Durante l’omelia della festa di al-Fitr, che segna la fine del mese di digiuno musulmano del Ramadan, Sayed Khamenei ha assicurato che «la Repubblica islamica dell’Iran non rinuncerà a sostenere i popoli oppressi della Palestina, Yemen, Bahrein, Siria e Iraq, e la sincera resistenza dei mujahideen in Libano e in Palestina. (…) La nostra politica non cambierà contro il governo arrogante degli Stati Uniti».

Il leader iraniano ha messo a tacere alcune voci che suggerivano un raffreddamento dei rapporti tra l’Iran e gli Stati Uniti. «La nostra politica nei confronti degli Stati Uniti non cambierà» ha insistito l’Ayatollah Khamenei, i cui commenti sono stati accolti dagli slogan “Morte all’America” ​​e “Morte a Israele”.

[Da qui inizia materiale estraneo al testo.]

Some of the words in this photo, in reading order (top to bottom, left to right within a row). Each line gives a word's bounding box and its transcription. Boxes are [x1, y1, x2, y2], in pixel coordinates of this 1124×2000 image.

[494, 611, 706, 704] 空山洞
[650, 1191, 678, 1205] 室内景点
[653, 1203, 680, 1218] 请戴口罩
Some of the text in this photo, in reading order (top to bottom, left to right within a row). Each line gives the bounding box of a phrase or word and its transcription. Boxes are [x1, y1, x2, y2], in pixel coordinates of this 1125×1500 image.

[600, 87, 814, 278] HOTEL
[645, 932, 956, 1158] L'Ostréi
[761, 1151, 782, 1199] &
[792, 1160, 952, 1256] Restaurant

«Abbiamo detto molte volte, non abbiamo un dialogo con gli Stati Uniti sulle questioni internazionali, regionali o bilaterali. A volte, come nel caso nucleare, abbiamo negoziato con gli Stati Uniti sulla base dei nostri interessi», ha precisato in seguito.

Sayyed Khamenei ha anche sottolineato che «le politiche americane nella regione sono contrarie al 180% a quelle della Repubblica islamica dell’Iran. Gli Stati Uniti sostengono l’entità sionista che uccide i bambini».

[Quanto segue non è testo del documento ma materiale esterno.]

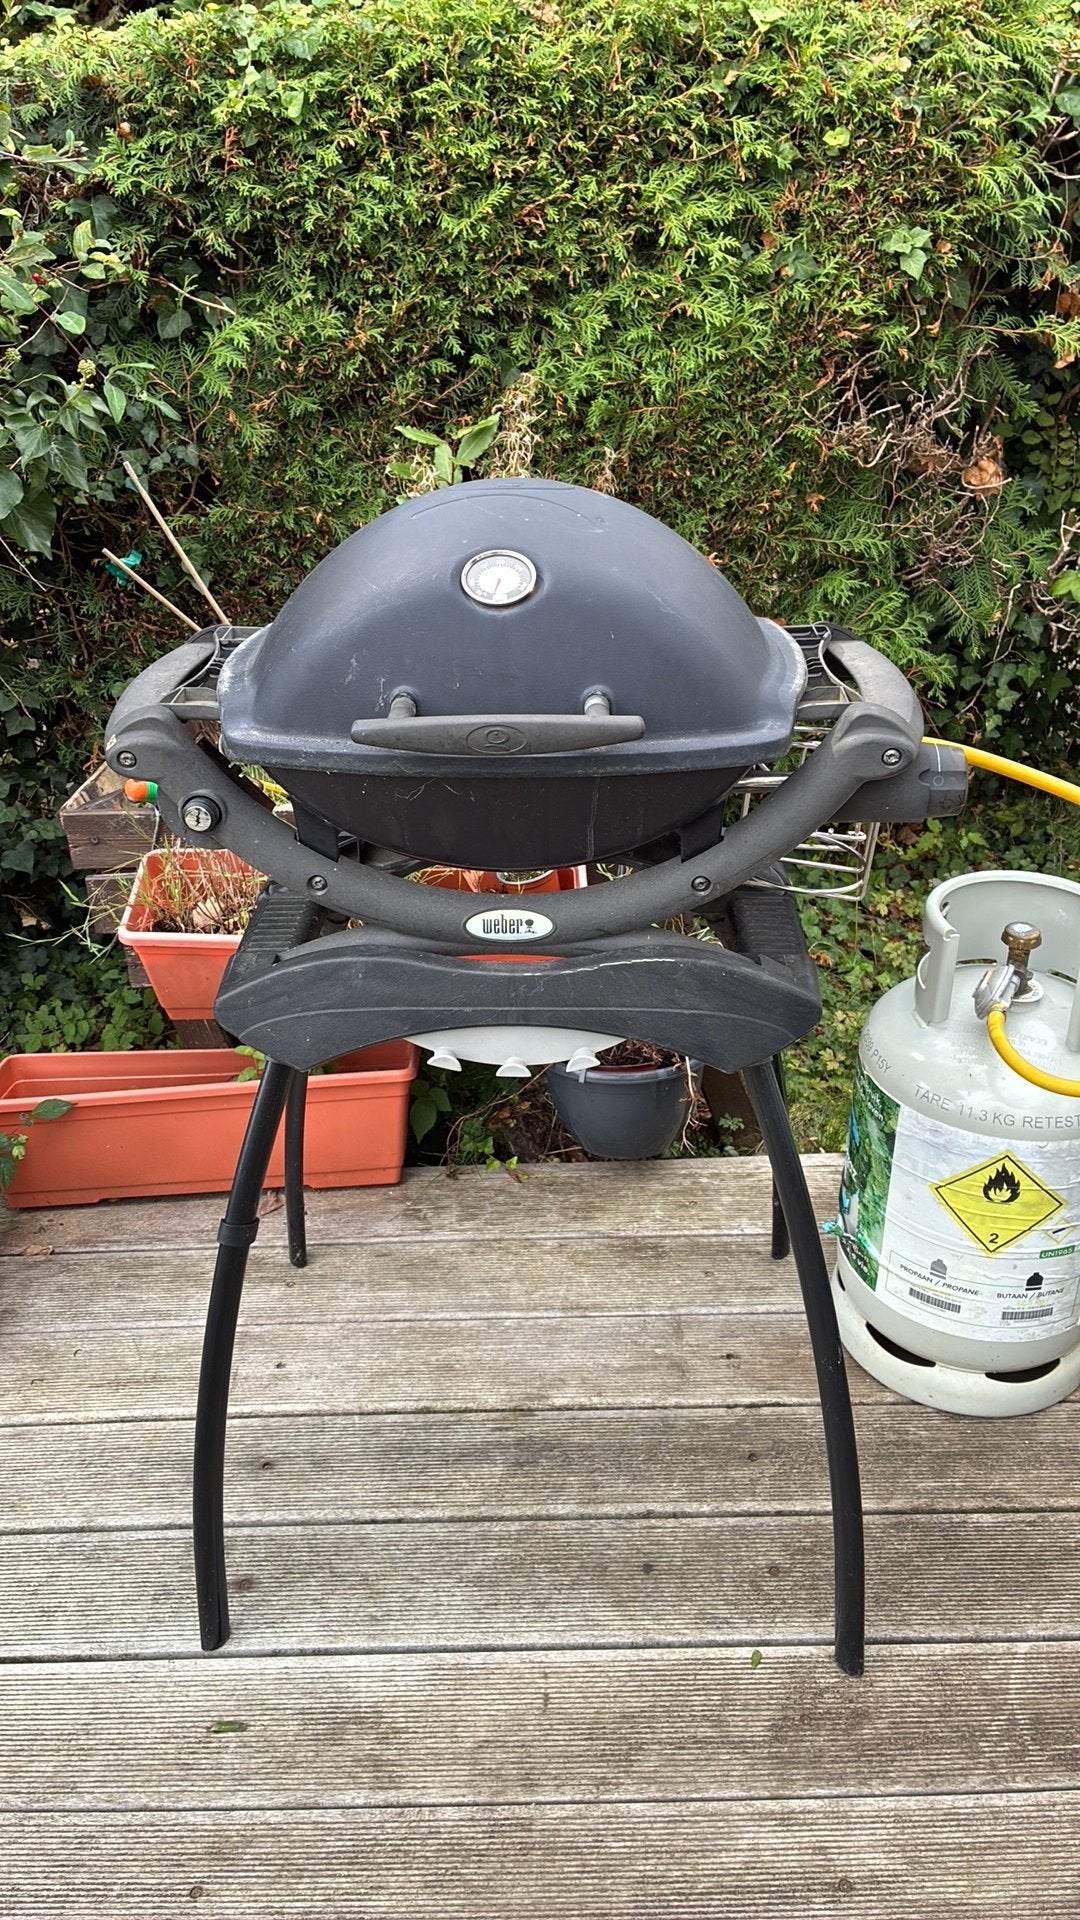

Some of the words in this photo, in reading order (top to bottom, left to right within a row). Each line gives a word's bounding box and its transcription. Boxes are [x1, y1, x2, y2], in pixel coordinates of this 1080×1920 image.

[482, 914, 523, 935] weber
[871, 1049, 892, 1073] P15Y
[913, 1084, 952, 1111] TARE
[959, 1101, 988, 1122] 11.3
[992, 1112, 1015, 1127] KG
[1022, 1114, 1080, 1129] RETEST
[989, 1233, 999, 1244] 2
[1041, 1247, 1073, 1258] UN1965
[900, 1264, 933, 1283] PROPAAN
[942, 1282, 980, 1296] PROPANE
[1037, 1287, 1064, 1298] BUTANE

Il leader iraniano, che è anche il capo delle forze armate, ha evidenziato la determinazione del suo Paese nel preservare le sue capacità militari.

«Per quanto riguarda il mantenimento delle capacità militari e difensive, soprattutto nell’ambito delle minacce create dal nemico, la Repubblica islamica non accetterà mai richieste eccessive dei nemici», ha aggiunto.

Ha continuato: «Non vogliamo nessuna guerra, ma nel caso in cui avvenisse, gli aggressori americani saranno sconfitti», riferendosi alle minacce di guerra contro l’Iran.

Per quanto riguarda le accuse occidentali, secondo le quali, questo accordo ha impedito all’Iran di acquisire armi nucleari, la guida ha spiegato che «ad impedire all’Iran di acquisire la bomba atomica non sono state minacce, ma i precetti religiosi che vietano tali acquisizioni».

Khamenei ha aggiunto che «Gli USA sostengono che l’Iran abbia fatto concessioni, questo è un sogno che l’amministrazione statunitense non potrà mai vedere».

Il leader iraniano ha, in questo contesto, accolto con favore il lavoro svolto dai negoziatori che hanno “lavorato sodo”. «Se l’accordo sarà approvato o meno dal Parlamento, secondo la procedura legale prevista, meritano un premio», ha affermato.

«L’Iran non si è fermato di fronte al 5+1, costringendoli a riconoscere il diritto dell’Iran nel settore nucleare», ha ribadito Sayed Khamenei.